- **Exercise instructions**
Because only the text is wanted, repeat the records below exactly and omit the pictures.

[Dataset entries]
--*--

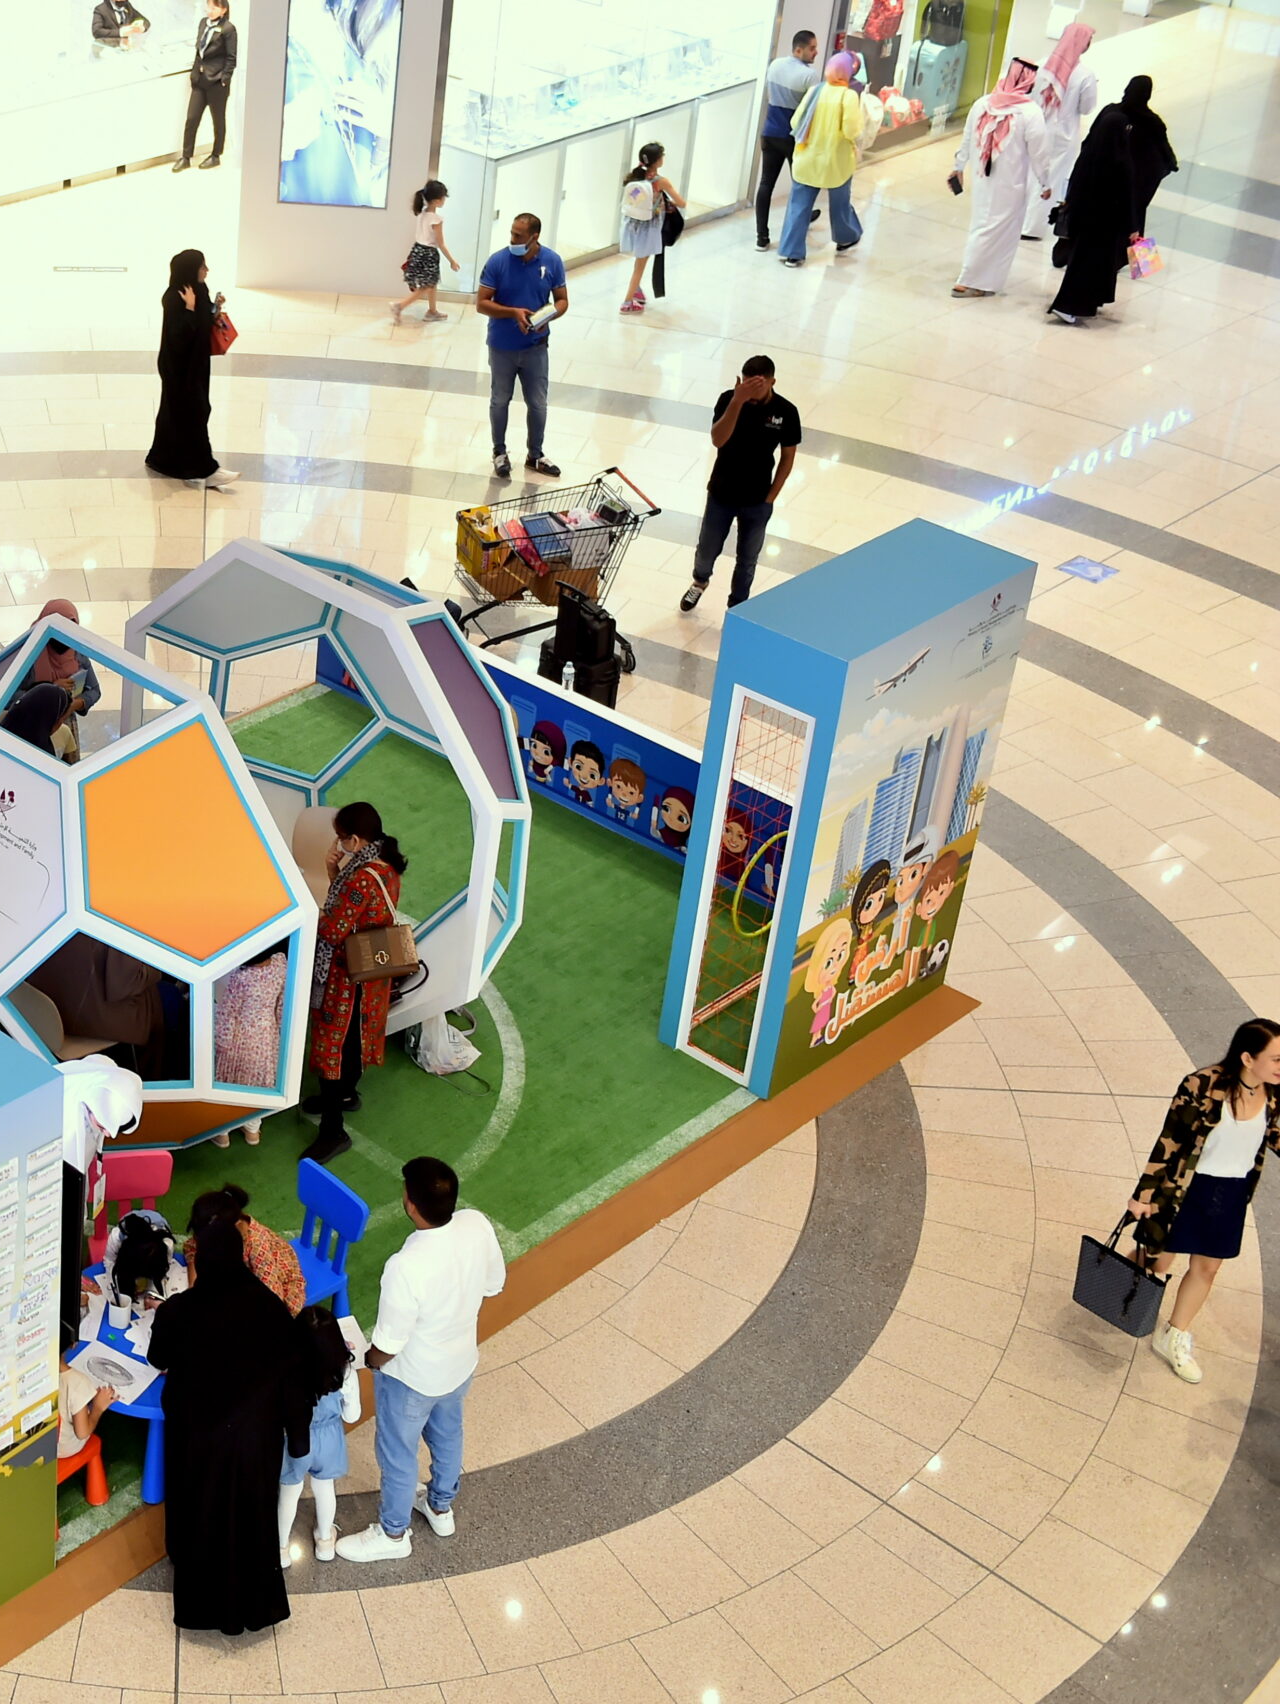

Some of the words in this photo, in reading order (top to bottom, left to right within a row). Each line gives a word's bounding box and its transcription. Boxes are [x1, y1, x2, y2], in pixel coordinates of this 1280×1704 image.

[617, 811, 626, 821] 12
[20, 846, 36, 859] Family
[825, 946, 922, 1044] المستقبل
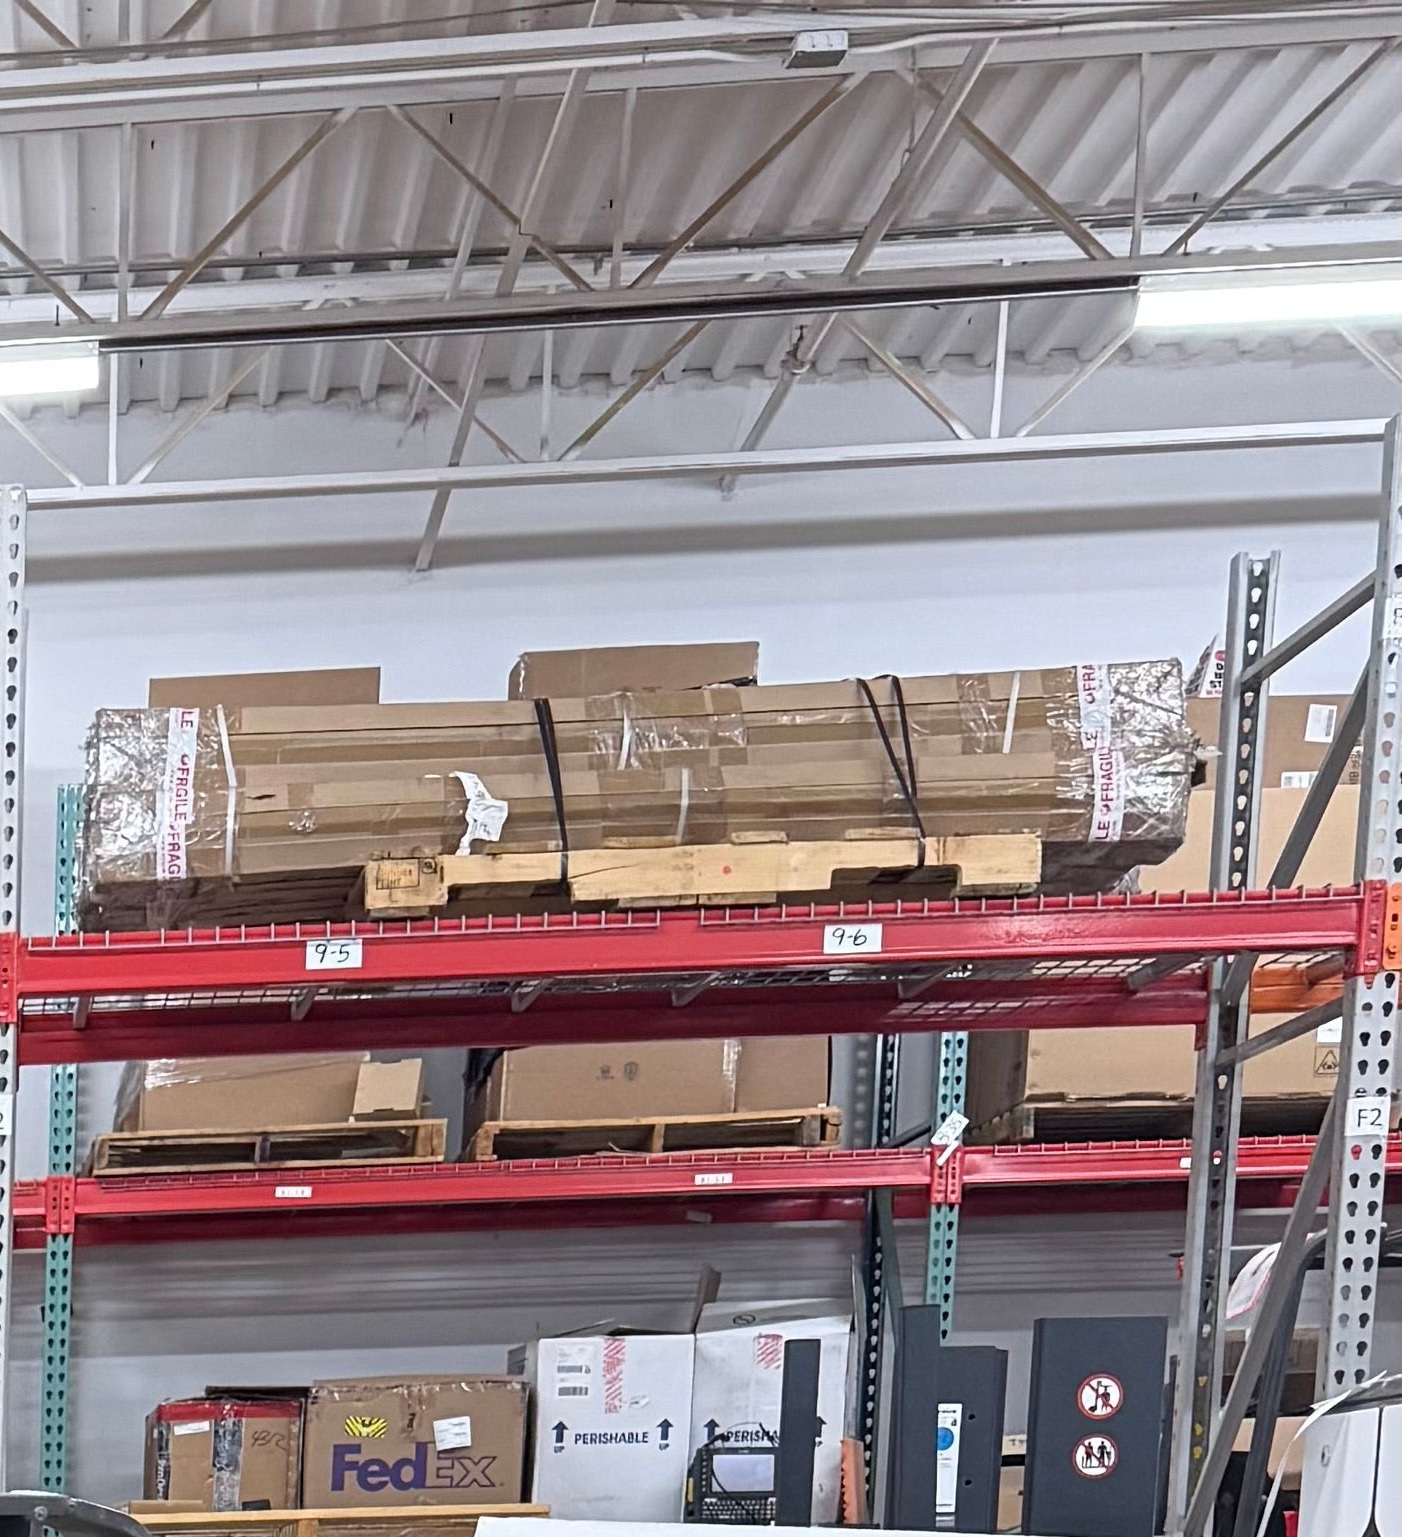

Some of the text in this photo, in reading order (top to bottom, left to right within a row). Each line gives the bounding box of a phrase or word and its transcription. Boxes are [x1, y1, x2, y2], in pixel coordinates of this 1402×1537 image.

[832, 927, 867, 946] 9-6
[315, 944, 349, 963] 9-5
[1357, 1108, 1383, 1127] F2
[574, 1432, 649, 1445] PERISHABLE
[331, 1441, 498, 1492] FedEx
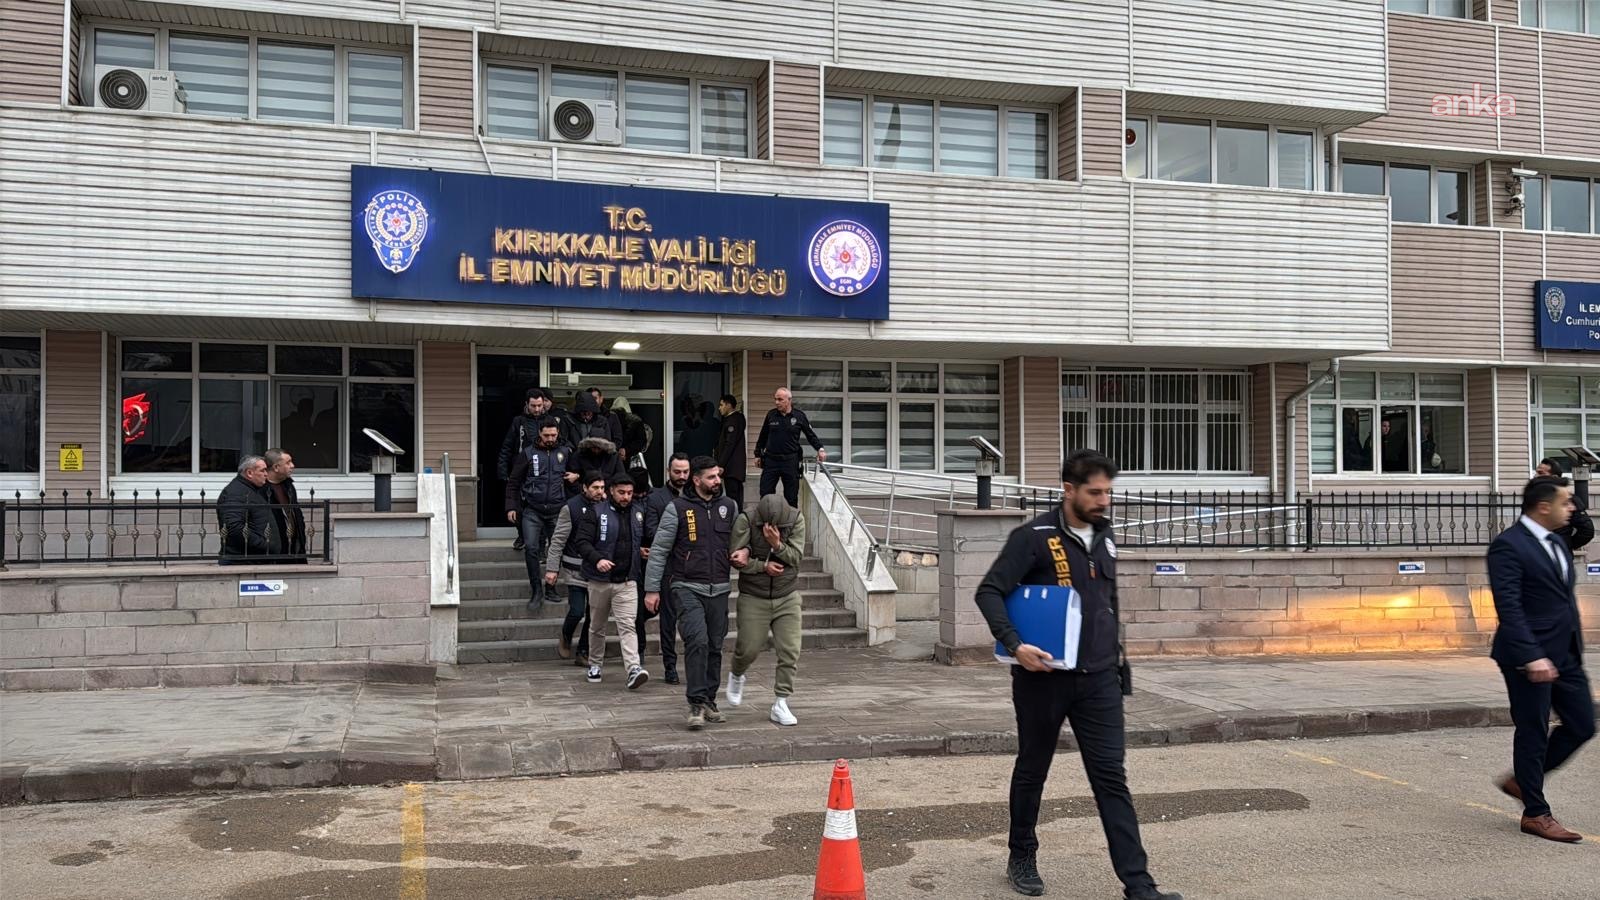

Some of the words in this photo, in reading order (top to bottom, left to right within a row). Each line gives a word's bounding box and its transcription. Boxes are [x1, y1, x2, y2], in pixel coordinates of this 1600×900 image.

[379, 193, 415, 206] POLİS
[604, 206, 653, 233] T.C.
[649, 236, 758, 267] VALİLİĞİ
[459, 253, 487, 282] İL
[489, 258, 617, 290] EMNİYET
[620, 263, 788, 296] MÜDÜRLÜĞÜ
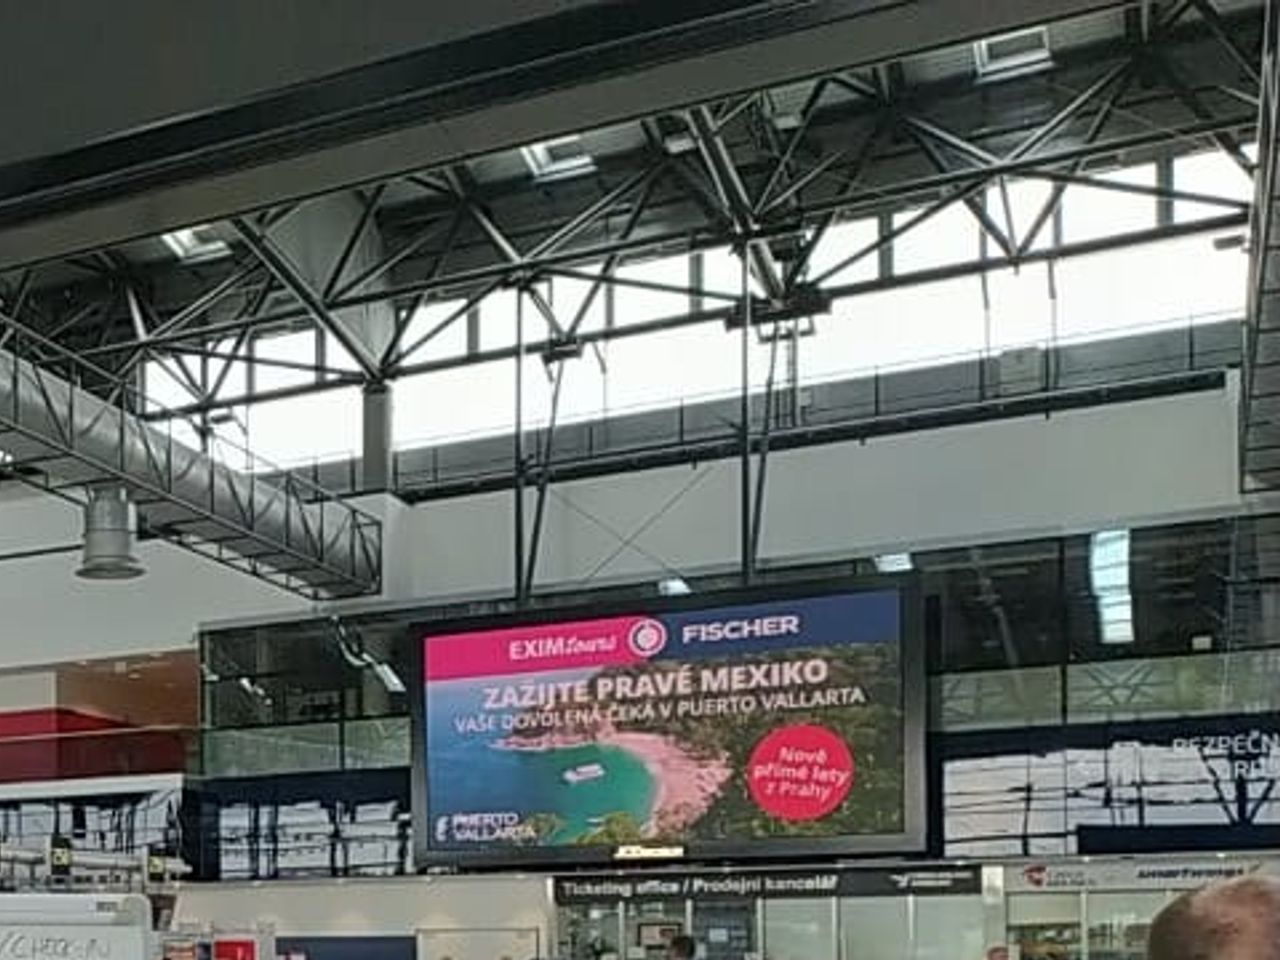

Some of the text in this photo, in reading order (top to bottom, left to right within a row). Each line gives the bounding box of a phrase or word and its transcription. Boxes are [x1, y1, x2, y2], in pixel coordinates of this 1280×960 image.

[682, 615, 800, 644] FISCHER
[483, 658, 829, 711] ZAŽIJTE PRAVÉ MEXIKO
[658, 700, 672, 718] V
[677, 696, 756, 718] PUERTO
[762, 686, 866, 711] VALLARTA
[561, 881, 632, 897] Ticketing
[636, 879, 680, 894] office

--*--

- **Solved exercise**
Some of the words in this photo, in reading order (top to bottom, left to right within a row). Each line gives a word's bounding box and its transcription. Boxes are [x1, y1, x2, y2], in pixel coordinates of this 1280×1704 image.

[617, 811, 626, 821] 12
[20, 846, 36, 859] Family
[825, 946, 922, 1044] المستقبل

Some of the text in this photo, in reading order (top to bottom, left to right within a row). Each line gives the bounding box of a phrase or word and its transcription. Boxes are [x1, y1, x2, y2], in pixel coordinates of this 1402×1537 image.

[832, 927, 867, 946] 9-6
[315, 944, 349, 963] 9-5
[1357, 1108, 1383, 1127] F2
[574, 1432, 649, 1445] PERISHABLE
[331, 1441, 498, 1492] FedEx

Some of the words in this photo, in reading order (top to bottom, left to right within a row). Each line gives a word's bounding box and its transcription. Boxes are [x1, y1, x2, y2], in pixel coordinates of this 1600×900 image.

[379, 193, 415, 206] POLİS
[604, 206, 653, 233] T.C.
[649, 236, 758, 267] VALİLİĞİ
[459, 253, 487, 282] İL
[489, 258, 617, 290] EMNİYET
[620, 263, 788, 296] MÜDÜRLÜĞÜ

Some of the text in this photo, in reading order (top to bottom, left to right within a row). Each line gives the bounding box of a phrase or word and its transcription. Boxes are [x1, y1, x2, y2], in pixel coordinates of this 1280×960 image.

[682, 615, 800, 644] FISCHER
[483, 658, 829, 711] ZAŽIJTE PRAVÉ MEXIKO
[658, 700, 672, 718] V
[677, 696, 756, 718] PUERTO
[762, 686, 866, 711] VALLARTA
[561, 881, 632, 897] Ticketing
[636, 879, 680, 894] office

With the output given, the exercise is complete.